Still, Philadelphia District Attorney Larry Krasner, for one, said his office was heeding Shapiro’s call. In a statement Monday, Krasner said, “Musk’s actions appear to violate federal and Pennsylvania law” and that his office was researching the possibility of intervening.

Pennsylvania statute, unlike federal law, does not specifically prohibit inducements for registering to vote, though it does bar payments for voting for or against candidates or ballot questions. Prosecutors in Krasner’s office might seek to use other statutes pertaining to bribery or lotteries should they seek to build a case.

Will authorities move to stop Musk’s giveaway?

Legal experts agreed it’s unlikely that Musk will be criminally prosecuted for the sweepstakes offer.

Arguably, hundreds of businesses, from large national brands to small businesses, unintentionally run afoul of the same law each year by offering discounts or free goods — like coffee, doughnuts, or baked goods — to customers who show “I Voted” stickers and rarely face consequences for those actions.

While Musk’s prize is much larger — and his goals more explicitly aimed at influencing voter registration — it’s likely that if authorities intervened, they would first try to warn his PAC of the potential violation before taking more drastic enforcement action.

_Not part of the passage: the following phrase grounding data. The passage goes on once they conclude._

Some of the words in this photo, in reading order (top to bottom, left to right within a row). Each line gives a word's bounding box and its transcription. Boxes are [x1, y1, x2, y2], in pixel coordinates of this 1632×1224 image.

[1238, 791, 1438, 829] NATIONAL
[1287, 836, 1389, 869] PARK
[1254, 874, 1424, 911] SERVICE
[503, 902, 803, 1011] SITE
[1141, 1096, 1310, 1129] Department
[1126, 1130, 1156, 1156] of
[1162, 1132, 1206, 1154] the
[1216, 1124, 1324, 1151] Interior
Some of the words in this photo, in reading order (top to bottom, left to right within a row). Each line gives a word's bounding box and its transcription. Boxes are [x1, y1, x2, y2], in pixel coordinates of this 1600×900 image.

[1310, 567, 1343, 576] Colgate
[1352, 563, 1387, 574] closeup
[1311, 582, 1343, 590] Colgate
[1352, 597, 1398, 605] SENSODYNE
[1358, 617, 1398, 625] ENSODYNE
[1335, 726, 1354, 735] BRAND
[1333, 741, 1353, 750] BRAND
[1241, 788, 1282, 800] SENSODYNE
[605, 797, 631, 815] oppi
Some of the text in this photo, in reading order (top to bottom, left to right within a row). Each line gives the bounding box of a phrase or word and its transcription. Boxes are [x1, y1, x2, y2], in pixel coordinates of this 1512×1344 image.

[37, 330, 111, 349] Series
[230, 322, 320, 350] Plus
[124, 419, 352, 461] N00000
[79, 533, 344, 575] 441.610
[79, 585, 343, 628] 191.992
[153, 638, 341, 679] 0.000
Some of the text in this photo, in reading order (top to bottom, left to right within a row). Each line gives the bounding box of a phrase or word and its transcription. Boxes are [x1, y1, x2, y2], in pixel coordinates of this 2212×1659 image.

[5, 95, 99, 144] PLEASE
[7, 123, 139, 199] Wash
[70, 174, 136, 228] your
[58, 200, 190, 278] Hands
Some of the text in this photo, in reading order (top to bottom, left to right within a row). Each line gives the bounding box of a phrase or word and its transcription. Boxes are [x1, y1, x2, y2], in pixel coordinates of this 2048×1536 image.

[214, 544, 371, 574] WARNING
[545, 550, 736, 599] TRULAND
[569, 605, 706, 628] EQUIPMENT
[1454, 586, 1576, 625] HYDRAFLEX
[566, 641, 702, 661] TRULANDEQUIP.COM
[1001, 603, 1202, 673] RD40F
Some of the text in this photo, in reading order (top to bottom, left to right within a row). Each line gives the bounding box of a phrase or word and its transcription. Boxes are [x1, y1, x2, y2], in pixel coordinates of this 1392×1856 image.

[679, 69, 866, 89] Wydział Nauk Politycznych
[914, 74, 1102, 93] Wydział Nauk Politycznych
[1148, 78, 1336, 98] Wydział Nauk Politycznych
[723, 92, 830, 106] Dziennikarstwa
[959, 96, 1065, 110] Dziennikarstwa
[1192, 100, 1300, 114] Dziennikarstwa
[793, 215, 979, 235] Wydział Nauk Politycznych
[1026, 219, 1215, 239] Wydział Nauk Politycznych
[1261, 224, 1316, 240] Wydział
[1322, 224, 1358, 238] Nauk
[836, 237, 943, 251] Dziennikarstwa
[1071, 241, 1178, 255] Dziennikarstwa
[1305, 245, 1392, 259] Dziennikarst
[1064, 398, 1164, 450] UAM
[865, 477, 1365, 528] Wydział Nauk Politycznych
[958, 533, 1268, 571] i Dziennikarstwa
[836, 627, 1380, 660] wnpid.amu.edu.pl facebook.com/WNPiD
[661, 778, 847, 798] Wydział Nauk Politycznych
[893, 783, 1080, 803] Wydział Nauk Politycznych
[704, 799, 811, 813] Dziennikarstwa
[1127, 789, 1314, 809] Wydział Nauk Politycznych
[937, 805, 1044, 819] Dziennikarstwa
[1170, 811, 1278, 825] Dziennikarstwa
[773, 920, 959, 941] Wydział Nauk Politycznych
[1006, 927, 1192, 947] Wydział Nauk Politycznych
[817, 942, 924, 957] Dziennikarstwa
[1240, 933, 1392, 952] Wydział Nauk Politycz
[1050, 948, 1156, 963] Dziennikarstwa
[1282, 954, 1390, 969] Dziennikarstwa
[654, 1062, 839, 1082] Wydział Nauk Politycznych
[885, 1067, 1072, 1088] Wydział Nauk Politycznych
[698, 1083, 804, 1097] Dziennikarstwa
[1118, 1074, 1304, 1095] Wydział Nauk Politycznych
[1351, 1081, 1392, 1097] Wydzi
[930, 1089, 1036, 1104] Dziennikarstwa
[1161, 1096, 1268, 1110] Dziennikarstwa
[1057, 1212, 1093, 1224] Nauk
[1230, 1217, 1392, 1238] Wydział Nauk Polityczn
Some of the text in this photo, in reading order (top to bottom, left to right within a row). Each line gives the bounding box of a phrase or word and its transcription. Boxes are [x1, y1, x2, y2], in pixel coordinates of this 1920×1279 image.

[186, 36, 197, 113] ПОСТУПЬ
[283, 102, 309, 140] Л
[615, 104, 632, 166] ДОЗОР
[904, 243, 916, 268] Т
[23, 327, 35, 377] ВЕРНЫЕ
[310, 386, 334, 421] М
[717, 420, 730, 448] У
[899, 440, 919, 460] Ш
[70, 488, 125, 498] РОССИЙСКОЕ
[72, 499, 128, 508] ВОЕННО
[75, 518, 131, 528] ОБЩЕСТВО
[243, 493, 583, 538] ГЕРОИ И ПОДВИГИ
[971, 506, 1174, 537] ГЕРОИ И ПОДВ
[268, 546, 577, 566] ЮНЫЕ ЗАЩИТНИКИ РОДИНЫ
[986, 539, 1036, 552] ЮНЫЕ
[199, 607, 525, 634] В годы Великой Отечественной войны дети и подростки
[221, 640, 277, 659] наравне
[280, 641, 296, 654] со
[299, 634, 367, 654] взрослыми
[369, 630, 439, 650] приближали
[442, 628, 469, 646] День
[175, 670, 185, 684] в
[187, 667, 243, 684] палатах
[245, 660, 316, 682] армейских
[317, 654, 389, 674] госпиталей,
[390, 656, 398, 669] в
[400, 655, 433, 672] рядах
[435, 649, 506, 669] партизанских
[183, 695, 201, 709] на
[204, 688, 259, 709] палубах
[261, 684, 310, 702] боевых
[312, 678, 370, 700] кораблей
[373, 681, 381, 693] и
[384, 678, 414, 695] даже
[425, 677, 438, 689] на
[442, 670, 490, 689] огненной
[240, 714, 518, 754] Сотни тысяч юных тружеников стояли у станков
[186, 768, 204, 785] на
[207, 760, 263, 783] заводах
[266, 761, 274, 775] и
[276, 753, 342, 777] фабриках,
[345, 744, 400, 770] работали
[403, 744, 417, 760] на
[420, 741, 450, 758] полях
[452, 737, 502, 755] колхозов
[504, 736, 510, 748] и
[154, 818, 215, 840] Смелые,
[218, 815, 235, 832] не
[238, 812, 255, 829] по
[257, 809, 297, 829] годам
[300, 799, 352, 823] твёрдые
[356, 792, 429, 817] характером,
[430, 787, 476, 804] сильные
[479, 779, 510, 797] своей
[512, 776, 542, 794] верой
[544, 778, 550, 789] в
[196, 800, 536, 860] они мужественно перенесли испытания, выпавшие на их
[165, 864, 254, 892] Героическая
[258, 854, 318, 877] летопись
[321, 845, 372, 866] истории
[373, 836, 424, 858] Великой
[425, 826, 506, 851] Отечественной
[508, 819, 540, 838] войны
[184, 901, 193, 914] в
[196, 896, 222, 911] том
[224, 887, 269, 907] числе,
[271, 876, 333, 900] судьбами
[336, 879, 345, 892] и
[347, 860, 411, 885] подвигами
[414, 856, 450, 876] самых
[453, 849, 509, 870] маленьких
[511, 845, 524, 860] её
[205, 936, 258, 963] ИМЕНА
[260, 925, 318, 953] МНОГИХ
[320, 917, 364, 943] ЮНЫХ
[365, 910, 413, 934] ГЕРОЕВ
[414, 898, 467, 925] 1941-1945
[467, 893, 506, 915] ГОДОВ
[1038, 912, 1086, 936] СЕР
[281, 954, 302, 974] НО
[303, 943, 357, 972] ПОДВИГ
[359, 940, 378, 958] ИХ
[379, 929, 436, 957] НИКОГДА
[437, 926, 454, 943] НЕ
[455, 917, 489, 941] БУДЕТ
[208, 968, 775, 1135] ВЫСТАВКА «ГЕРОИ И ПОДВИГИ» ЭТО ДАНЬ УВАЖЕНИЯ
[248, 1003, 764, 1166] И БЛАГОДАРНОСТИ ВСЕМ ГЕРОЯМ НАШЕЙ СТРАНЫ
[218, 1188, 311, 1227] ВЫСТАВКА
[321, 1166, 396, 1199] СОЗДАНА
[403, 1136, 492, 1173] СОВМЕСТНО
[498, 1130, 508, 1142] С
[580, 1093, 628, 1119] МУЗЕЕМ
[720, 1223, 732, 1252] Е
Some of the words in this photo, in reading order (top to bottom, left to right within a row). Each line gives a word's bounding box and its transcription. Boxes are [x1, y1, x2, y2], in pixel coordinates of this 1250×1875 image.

The Justice Department did not respond to requests for comment Monday on whether it was looking into Musk’s giveaway. The Federal Election Commission declined to comment on “specific activities” and “potential enforcement matters that may come before the agency.”

But amid the uproar over the sweepstakes’ legality, the billionaire pushed back Sunday on claims that he was effectively paying to register Republican voters.

“All you need to do is sign the … petition,” he wrote in a post Sunday to his social media platform X. “You can be from any or no political party and you don’t even have to vote.”

However, as of Monday afternoon, the terms and conditions on the petition’s website still required voter registration as a prerequisite for winning the $1 million prize.

Asked Sunday about the uproar over Musk’s giveaway, Trump kept his distance, telling reporters: “I haven’t followed that.”

He went on to praise Musk as a “great man.”

Staff writers Fallon Roth and Anna Orso and the Associated Press contributed to this article.